E&LCCNo. 35 of 2014)

****************

RULING

[1] The principles that guide this Court in determining whether to extend time pursuant to Rule 4 of the Rules of this Court is now old hat. These are succinctly set out in this Court’s decision in Mwangi v. Kenya Airways [2003] KLR 486 at page 489 as follows:-

“Over the years, the Court has, of course set out guidelines on what a single Judge should consider when dealing with an application for extension of time under rule 4 of the rules.  For instance in Leo Sila Mutiso v Rose Hellen Wangari Mwangi, (Civil Application No. Nai. 255 of 1997) (unreported), the Court expressed itself thus:-

“It is now well settled that the decision whether or not to extend the time for appealing is essentially discretionary.  It is also well settled that in general the matters which this Court takes into account in deciding whether to grant an extension of time are:  first, the length of the delay: secondly, the reason for the delay; thirdly (possibly), the chances of the appeal succeeding if the application is granted: and, fourthly, the degree of prejudice to the respondent if the application is granted.”

These, in general, are the things a Judge exercising the discretion under rule 4 will take into account.  We do not understand this list to be exhaustive; it was not meant to be exhaustive and that is clear from the use of the words “in general”. Rule 4 gives the single Judge an unfettered discretion and so long as the discretion is exercised judicially, a Judge would be perfectly entitled to consider any other factor outside those listed in the paragraph we have quoted above so long as the factor is relevant to the issue being considered.  To limit such issues only to the four set out in the paragraph would be to fetter the discretion of single Judge and as we have pointed out, the rule itself gives a discretion which is not fettered in any way.”

It is to be noted however that granting or denying extension of time is at the discretion of the Court.  Such discretion though unfettered must however be exercised judicially upon reason and not capriciously or whimsically.

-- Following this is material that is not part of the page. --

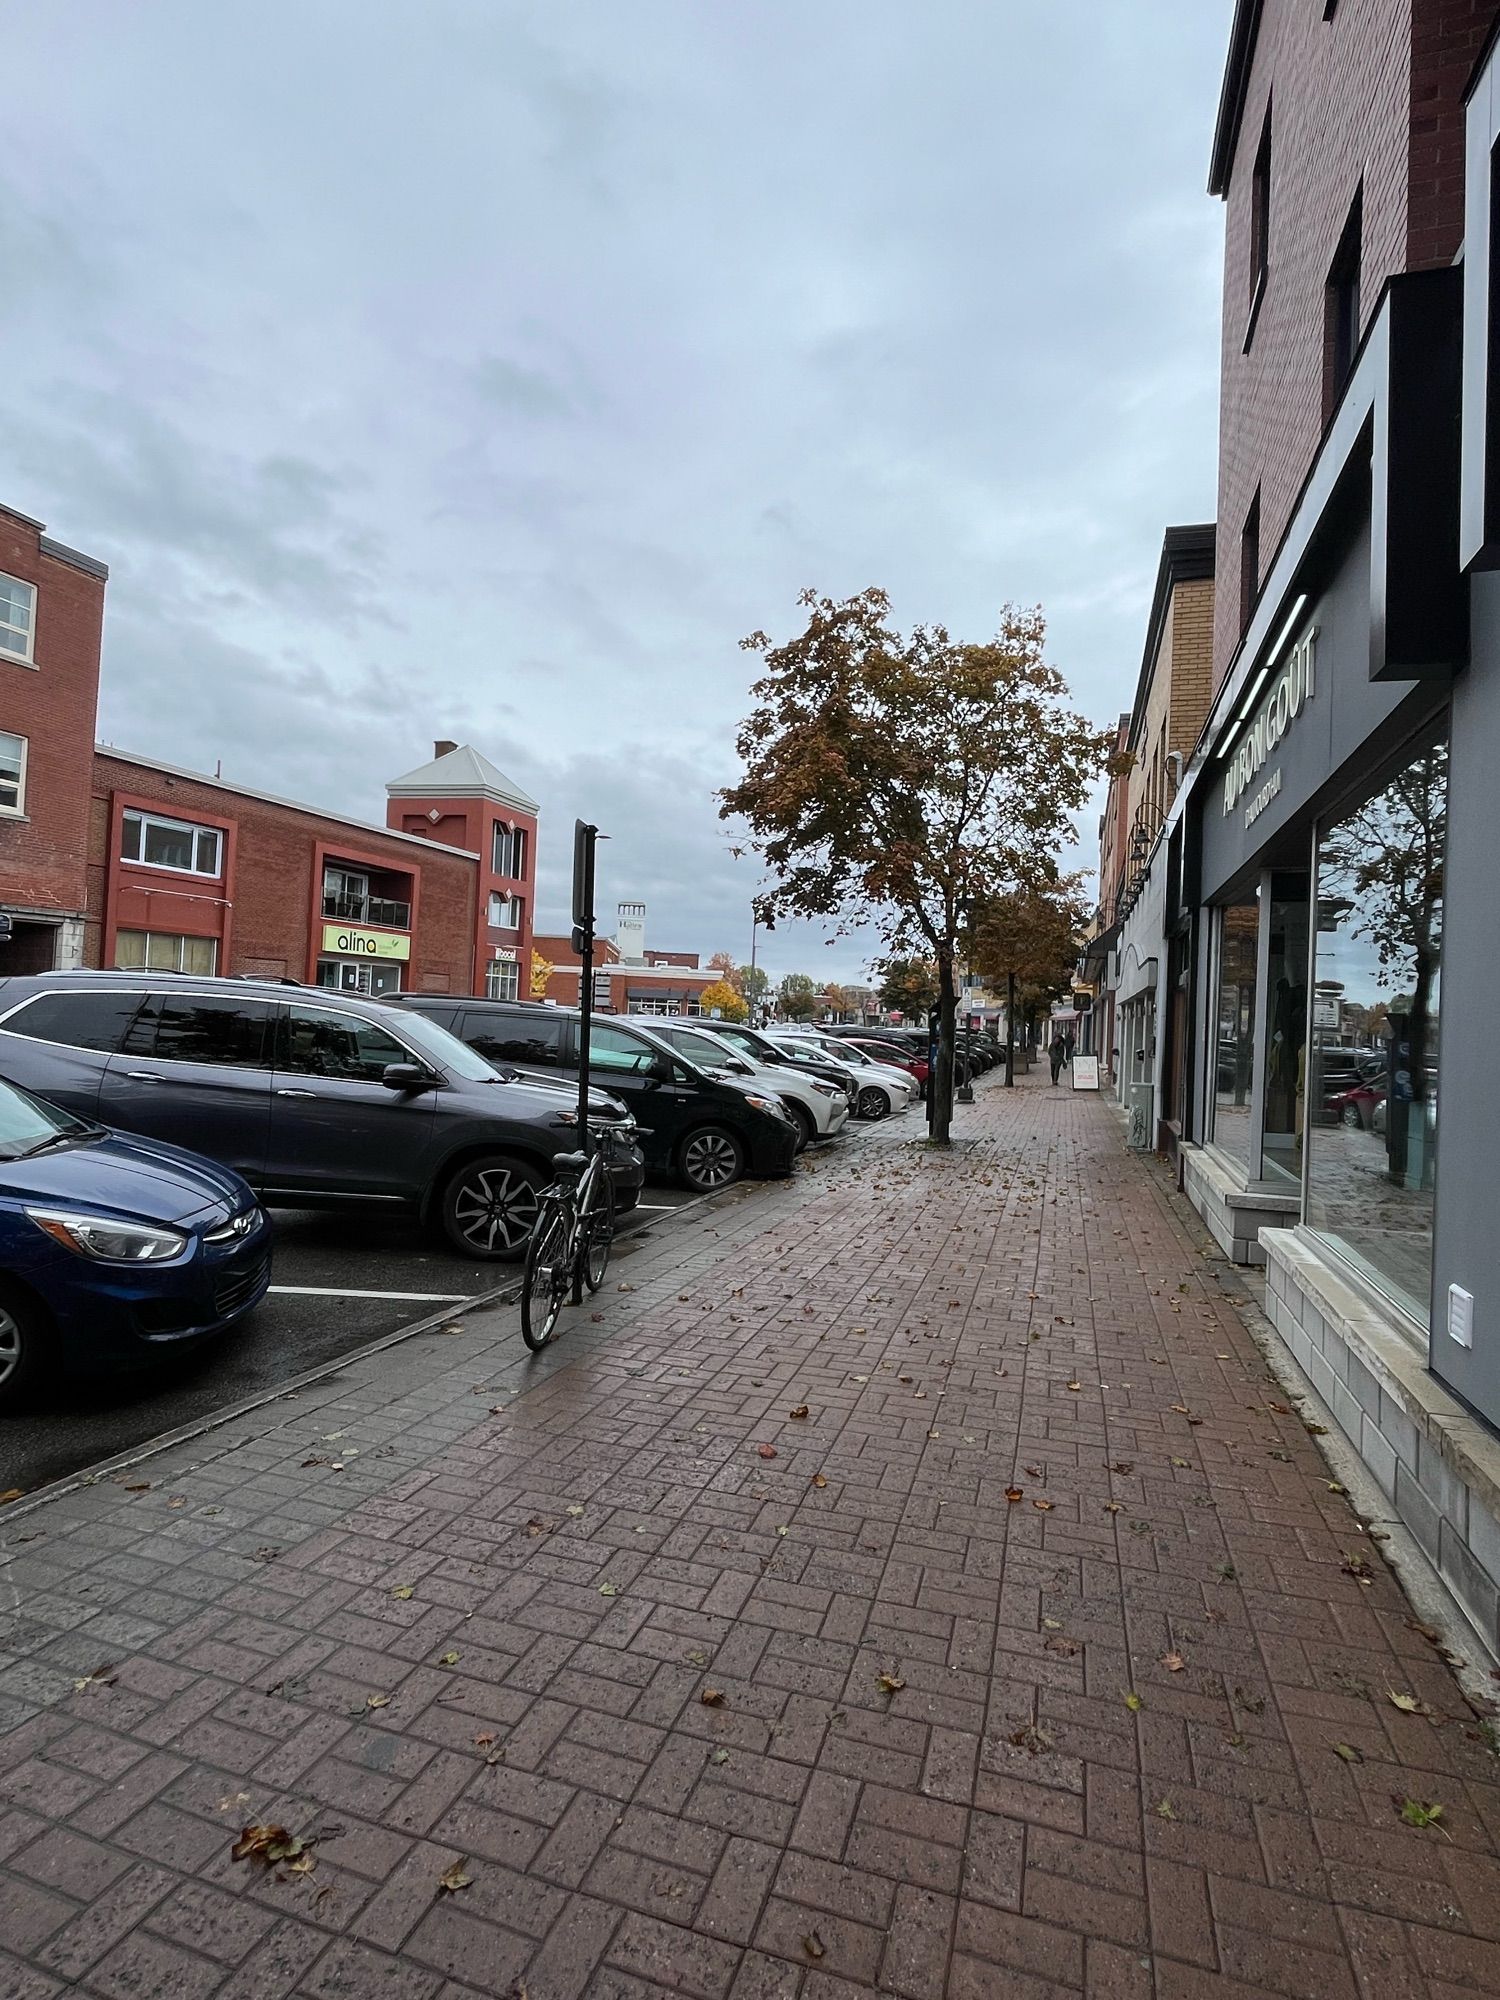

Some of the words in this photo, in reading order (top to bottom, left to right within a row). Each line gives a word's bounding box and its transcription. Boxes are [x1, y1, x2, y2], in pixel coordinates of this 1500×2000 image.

[2] Those are the principles I must apply in this matter to determine whether the applicant Ruth Anyungu should be granted the prayers she seeks in her Notice of Motion dated 10th May, 2018.  In the said motion, filed under Rule 4 of the Rules of this Court, she prays that time be extended for filing of the Notice of Appeal dated 16th September, 2016 and the Record of Appeal dated 21st December, 2017. The two documents having been filed, albeit out of time, her request is that the two be deemed as properly filed.  She also prays for costs of the application.

[3] In the grounds on the face of the application the applicant’s counsel states that he originally had difficulty securing the applicant’s file from her previous counsel and when he eventually received it, the certified copies of proceedings from the Environment and Land Court did not include a certified copy of the decree.  He was supplied with the decree after the time required for filing the notice of appeal and the record had lapsed.

[4] In the affidavit in support of the application, Calvin Odiwur Ogado  on behalf of the appellant reiterated the grounds on the face of the application and added that the appellant would be greatly prejudiced if extension is not granted as she will be condemned unheard.

[5] The application is opposed by Joseph Ndung’u, the respondent who deposes that the suit the subject of the intended appeal is an old one, it having commenced in the year 2002 before the subordinate court.  He says that there must be an end to litigation. He avers further that the judgment in question was delivered on 26th February, 2016, more than 2 years ago; the notice of appeal on record was filed 7 months after the expiry of the time allowed by the Rules; and that the delay has not been explained.  He urges the Court to dismiss the application for being an abuse of the Court process.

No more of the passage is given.